What needs to be done: Your answer should be the complete data, copied exactly.

(Dataset entries)

---------------

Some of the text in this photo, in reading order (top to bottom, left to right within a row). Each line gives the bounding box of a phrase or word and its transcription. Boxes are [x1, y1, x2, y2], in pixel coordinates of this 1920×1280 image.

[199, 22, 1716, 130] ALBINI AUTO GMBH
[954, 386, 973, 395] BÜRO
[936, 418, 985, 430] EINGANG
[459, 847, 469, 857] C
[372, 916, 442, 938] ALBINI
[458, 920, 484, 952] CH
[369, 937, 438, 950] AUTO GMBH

---------------

Your response:
Some of the text in this photo, in reading order (top to bottom, left to right within a row). Each line gives the bounding box of a phrase or word and its transcription. Boxes are [x1, y1, x2, y2], in pixel coordinates of this 1920×1280 image.

[199, 22, 1716, 130] ALBINI AUTO GMBH
[954, 386, 973, 395] BÜRO
[936, 418, 985, 430] EINGANG
[459, 847, 469, 857] C
[372, 916, 442, 938] ALBINI
[458, 920, 484, 952] CH
[369, 937, 438, 950] AUTO GMBH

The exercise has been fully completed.